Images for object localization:
☆ ☆ ☆

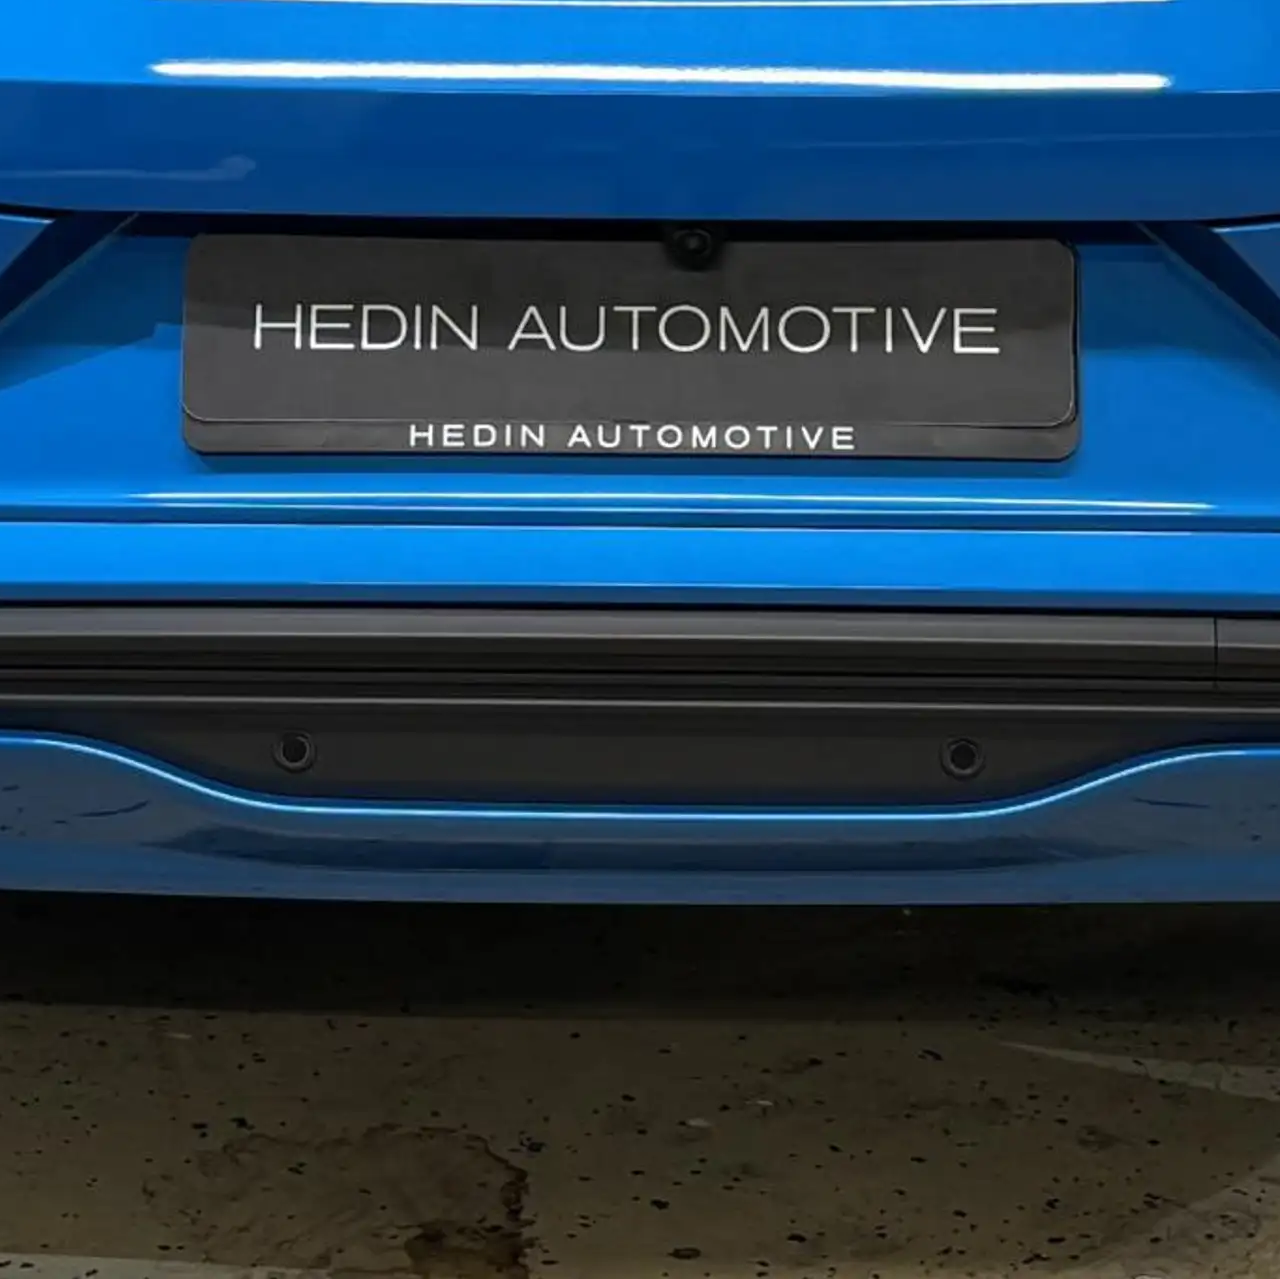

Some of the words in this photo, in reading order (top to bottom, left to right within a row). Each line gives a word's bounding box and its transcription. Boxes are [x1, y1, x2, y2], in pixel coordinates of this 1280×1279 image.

[253, 303, 479, 352] HEDIN
[507, 304, 1001, 355] AUTOMOTIVE
[408, 422, 546, 448] HEDIN
[566, 423, 856, 450] AUTOMOTIVE

☆ ☆ ☆

> _Exercise prompt_
Reproduce every record above exactly as given, excluding pictures from the result.

> _Task result_
Some of the words in this photo, in reading order (top to bottom, left to right within a row). Each line gives a word's bounding box and its transcription. Boxes are [x1, y1, x2, y2], in pixel coordinates of this 1280×1279 image.

[253, 303, 479, 352] HEDIN
[507, 304, 1001, 355] AUTOMOTIVE
[408, 422, 546, 448] HEDIN
[566, 423, 856, 450] AUTOMOTIVE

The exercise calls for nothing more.